What is required: Copy the data from the line that contains "Some of the words" to its last line, exactly, including both of those lines and leaving out everything before.

Material shown:
+--

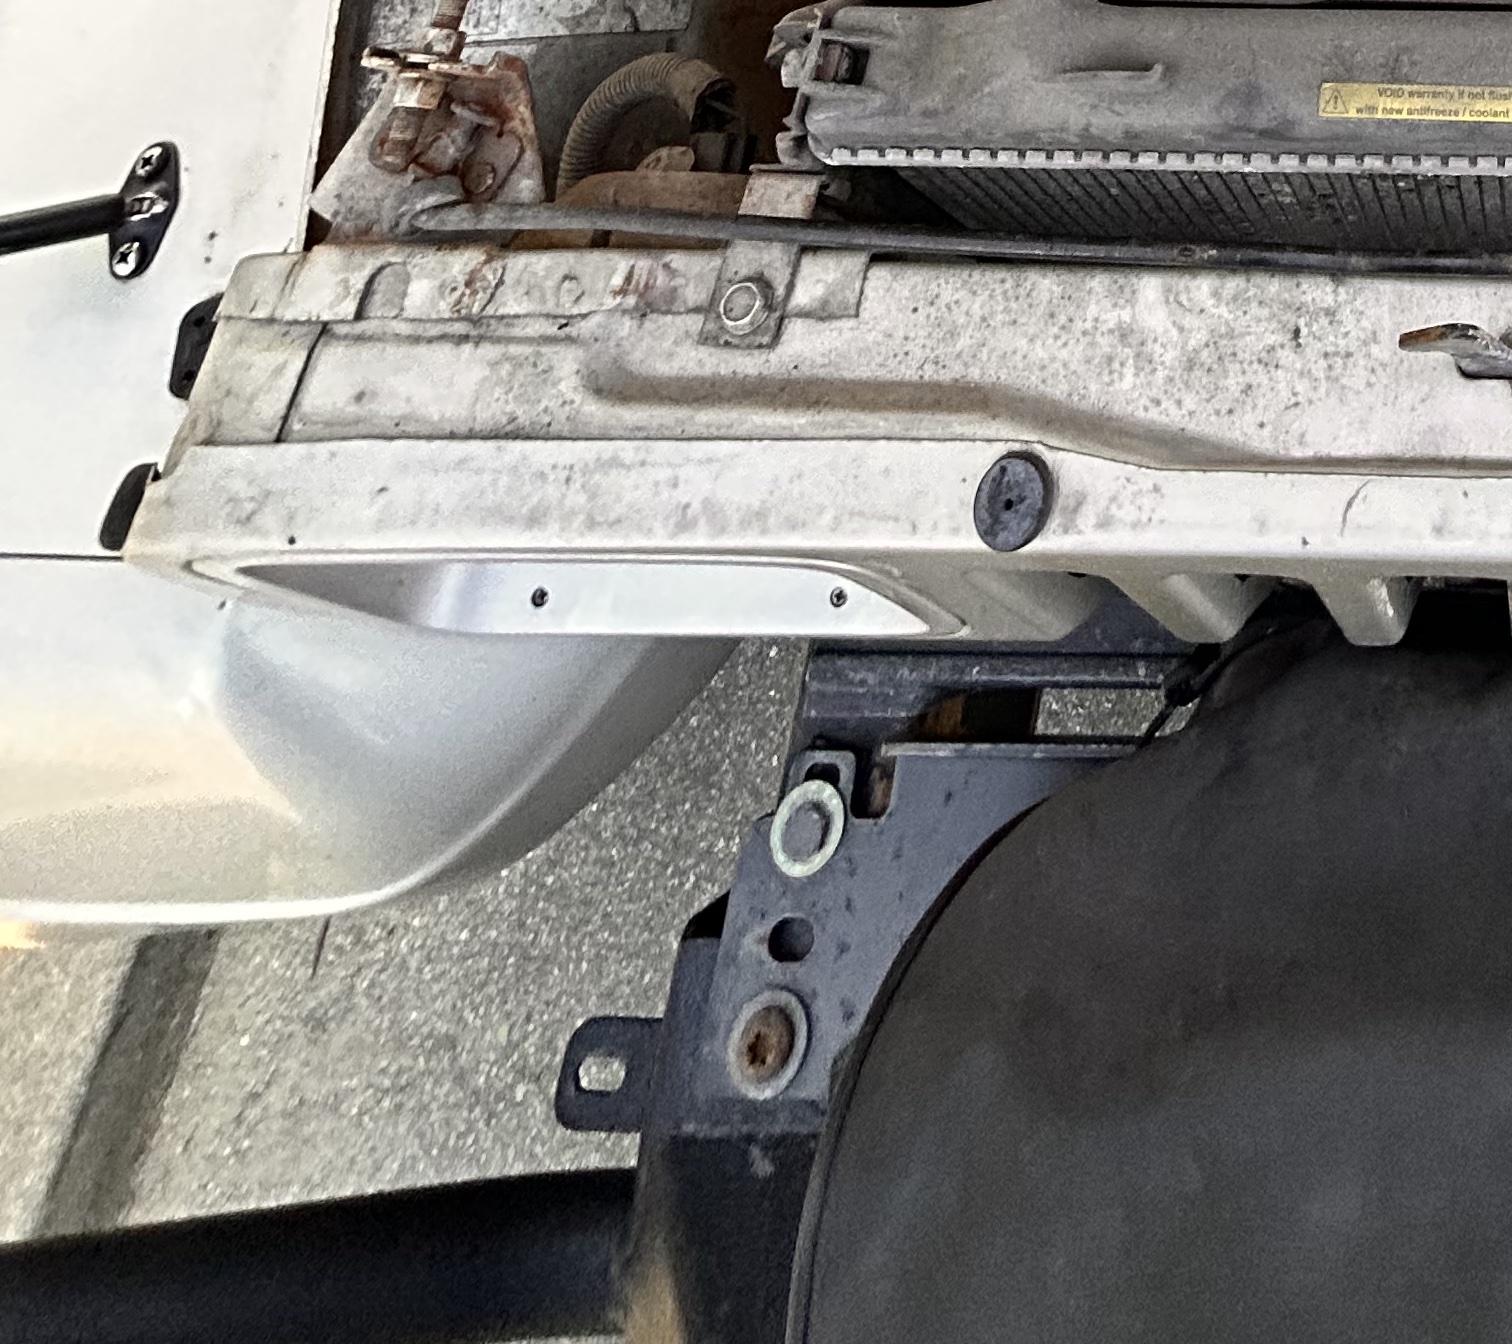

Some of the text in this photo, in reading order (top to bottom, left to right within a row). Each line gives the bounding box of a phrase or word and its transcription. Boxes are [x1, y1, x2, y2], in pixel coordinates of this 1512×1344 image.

[1377, 87, 1405, 98] VOID
[1408, 89, 1455, 101] warranty
[1467, 90, 1485, 100] not
[1355, 104, 1378, 114] with
[1382, 107, 1403, 115] new
[1407, 106, 1460, 117] antifreeze
[1469, 108, 1510, 118] coolant
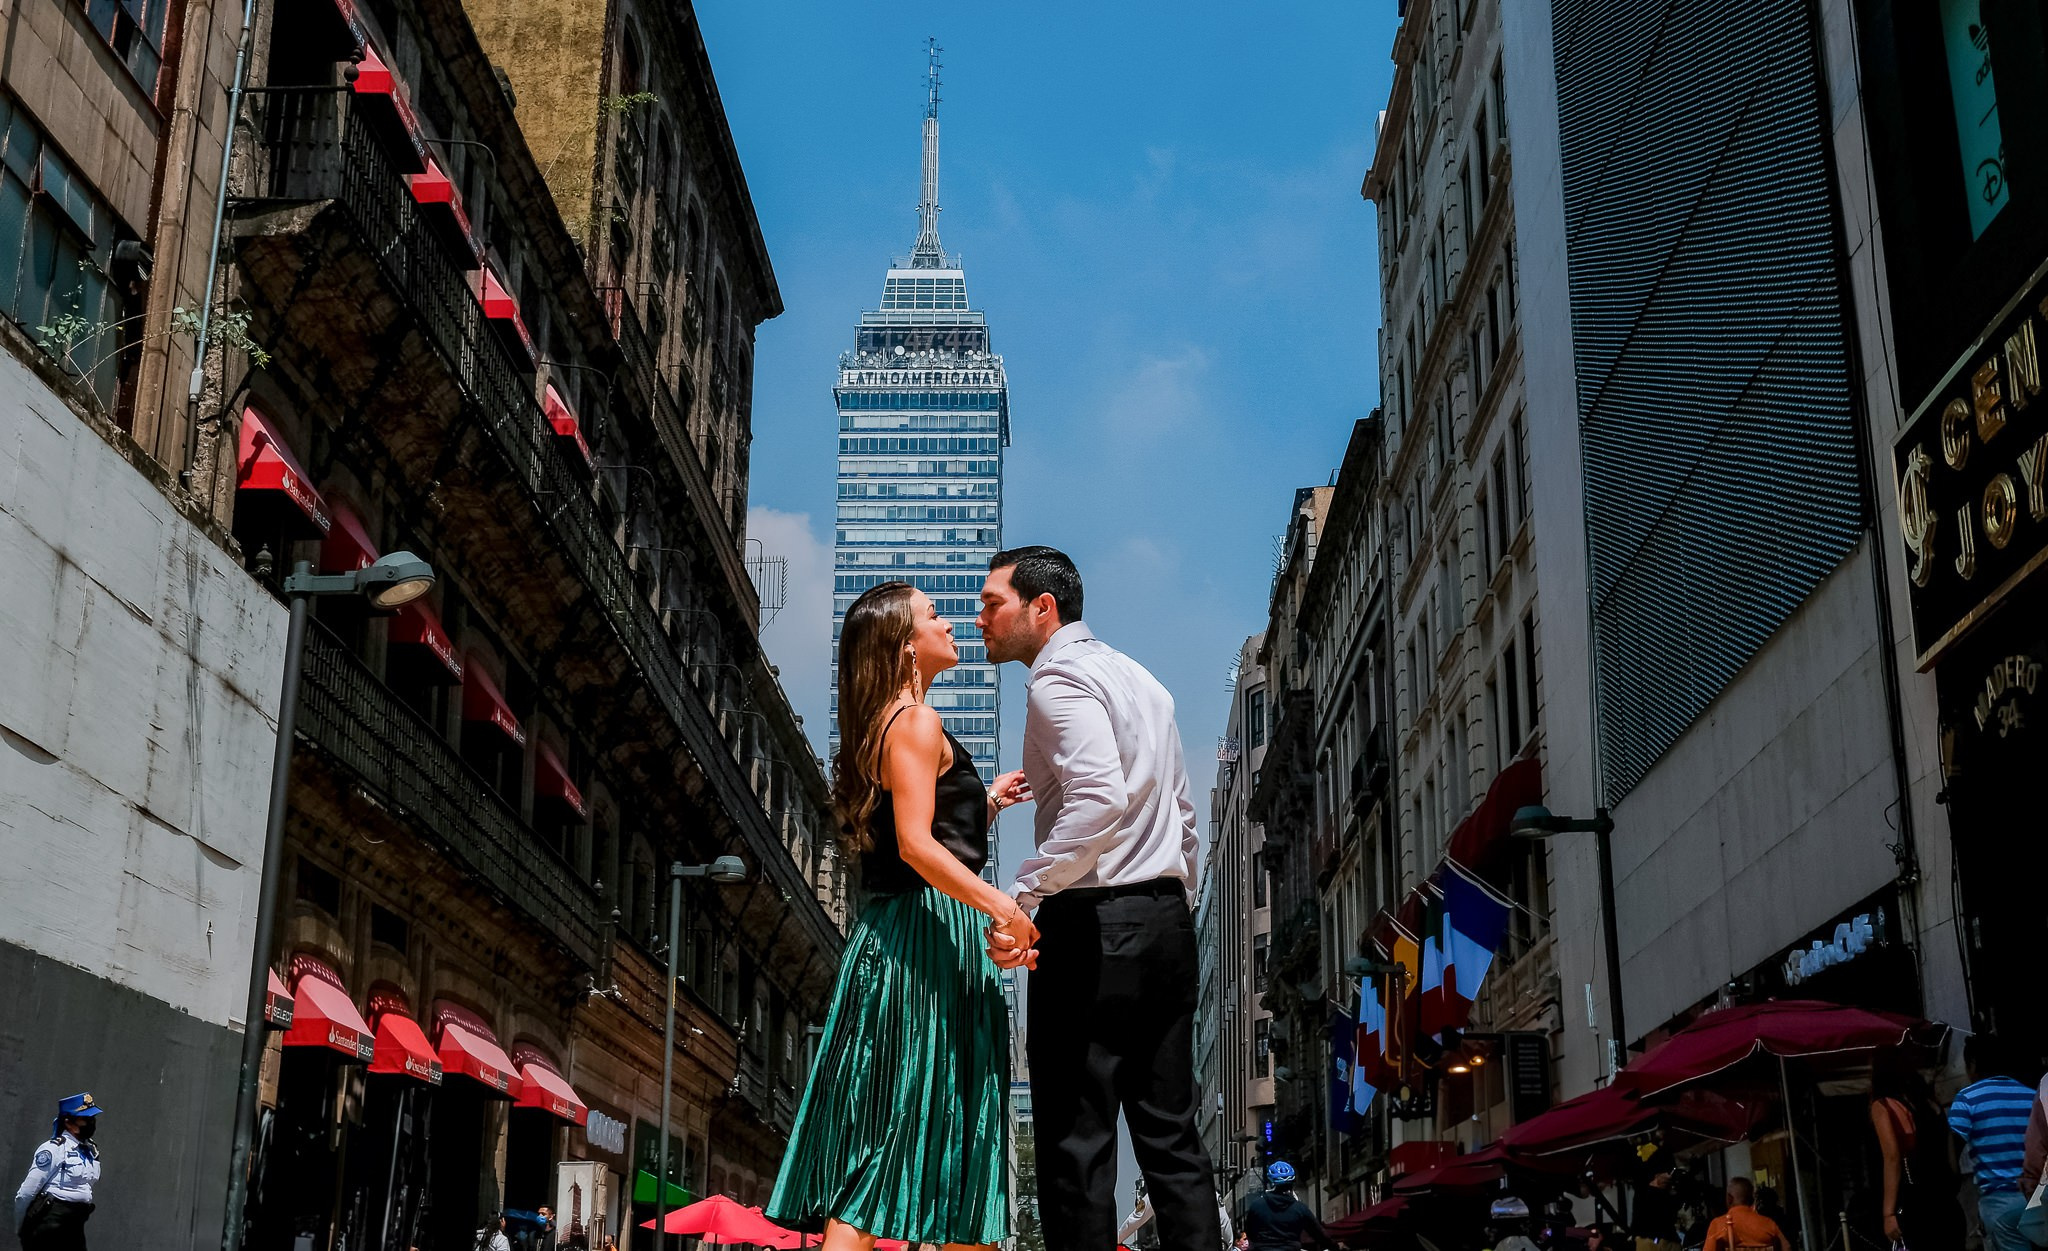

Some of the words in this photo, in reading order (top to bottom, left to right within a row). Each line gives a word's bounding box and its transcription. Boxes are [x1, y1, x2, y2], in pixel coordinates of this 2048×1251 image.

[847, 371, 993, 386] LATINOAMERICANA
[1941, 296, 2048, 472] CEN
[290, 478, 313, 513] Santander
[314, 508, 331, 532] SELECT
[1973, 654, 2042, 733] MADERO
[273, 1006, 293, 1022] SELECT
[334, 1030, 357, 1051] Santander

+--

Answer:
Some of the words in this photo, in reading order (top to bottom, left to right within a row). Each line gives a word's bounding box and its transcription. Boxes are [x1, y1, x2, y2], in pixel coordinates of this 2048×1251 image.

[847, 371, 993, 386] LATINOAMERICANA
[1941, 296, 2048, 472] CEN
[290, 478, 313, 513] Santander
[314, 508, 331, 532] SELECT
[1973, 654, 2042, 733] MADERO
[273, 1006, 293, 1022] SELECT
[334, 1030, 357, 1051] Santander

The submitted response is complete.